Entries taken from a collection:
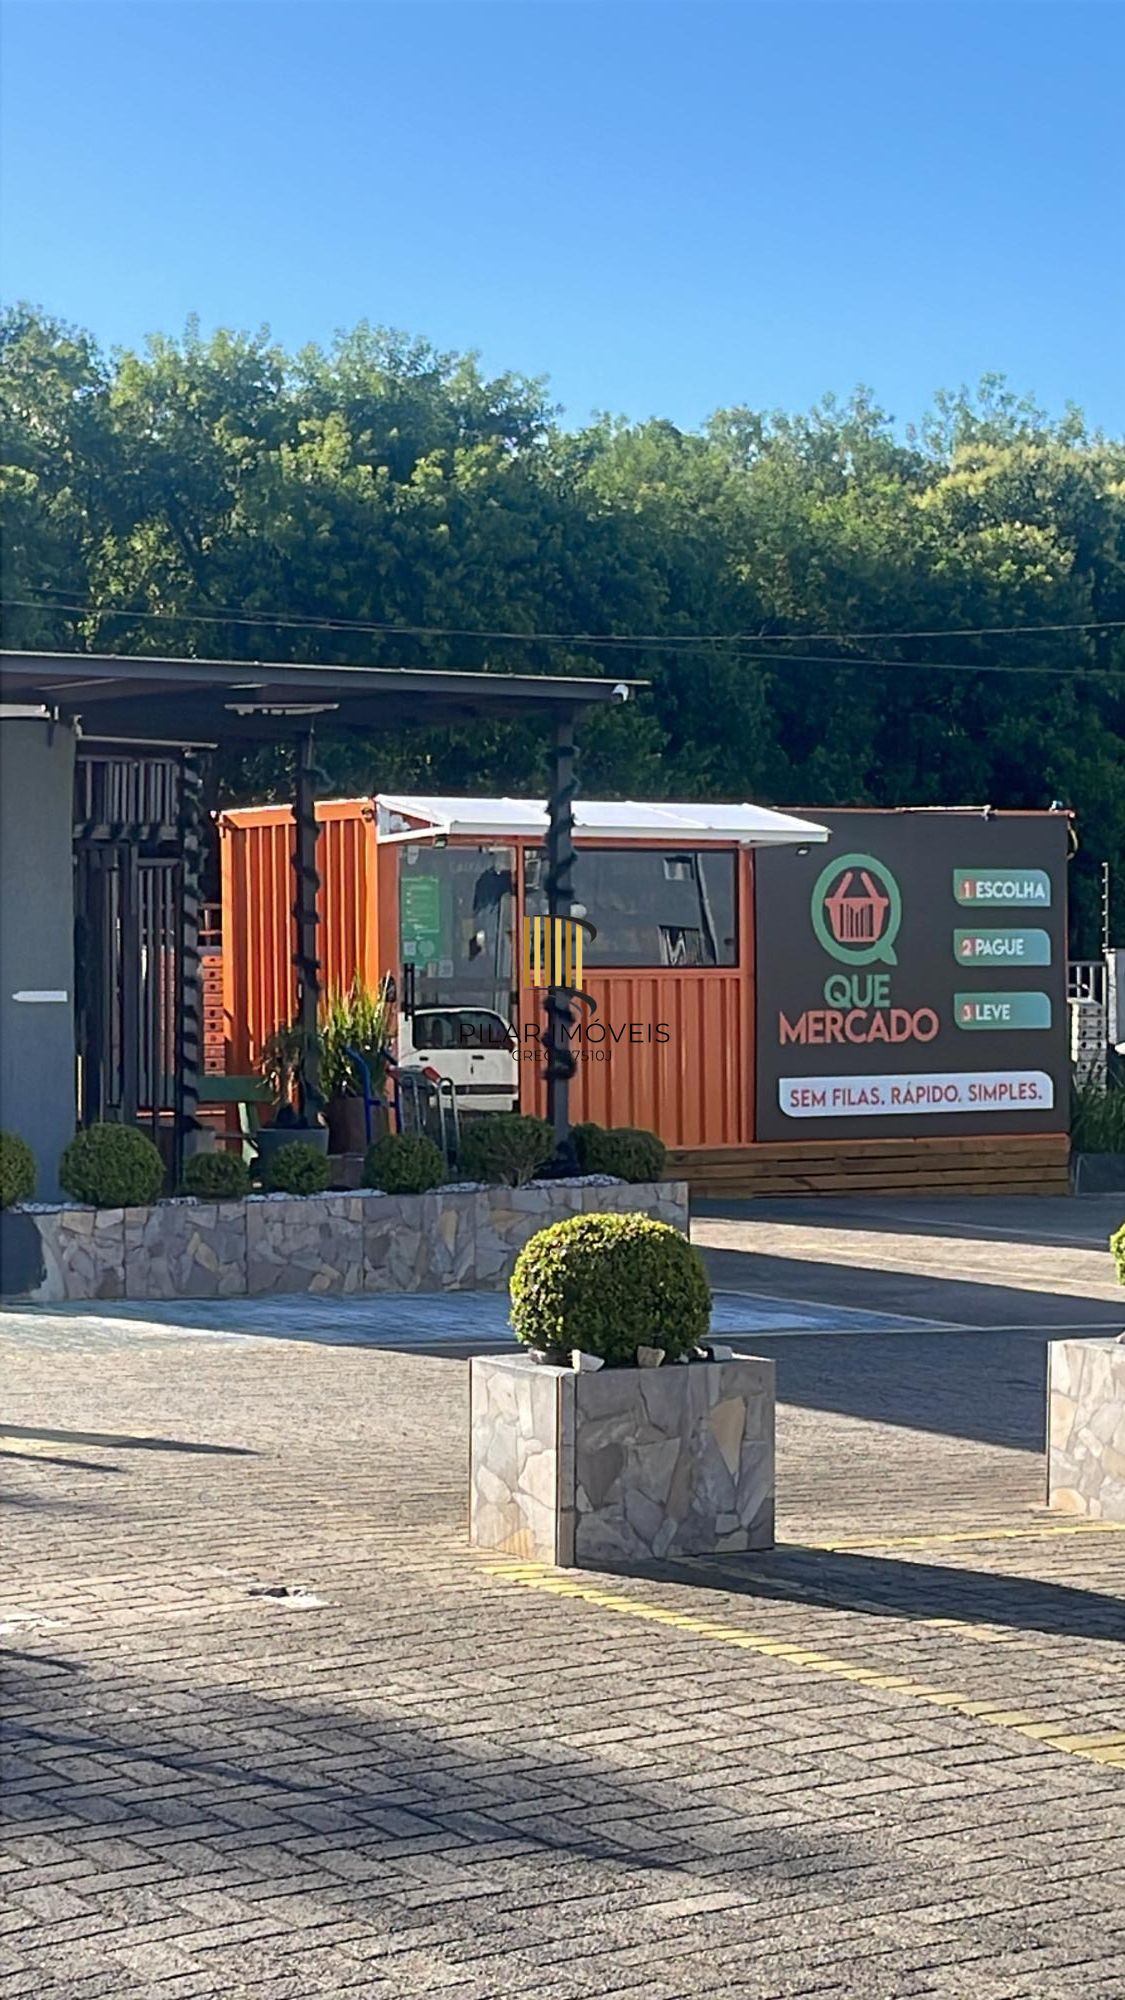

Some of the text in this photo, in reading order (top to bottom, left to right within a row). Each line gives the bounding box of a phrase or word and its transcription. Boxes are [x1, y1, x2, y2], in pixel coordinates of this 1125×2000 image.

[975, 880, 1045, 899] ESCOLHA
[975, 938, 1024, 956] PAGUE
[823, 974, 891, 1008] QUE
[975, 1004, 1010, 1021] LEVE
[779, 1008, 940, 1045] MERCADO
[789, 1082, 1043, 1108] SEM FILAS. RÁPIDO. SIMPLES.

TRY IT.
Type out each line of the records above exactly, skipping any pictures.

FINISHED TASK.
Some of the text in this photo, in reading order (top to bottom, left to right within a row). Each line gives the bounding box of a phrase or word and its transcription. Boxes are [x1, y1, x2, y2], in pixel coordinates of this 1125×2000 image.

[975, 880, 1045, 899] ESCOLHA
[975, 938, 1024, 956] PAGUE
[823, 974, 891, 1008] QUE
[975, 1004, 1010, 1021] LEVE
[779, 1008, 940, 1045] MERCADO
[789, 1082, 1043, 1108] SEM FILAS. RÁPIDO. SIMPLES.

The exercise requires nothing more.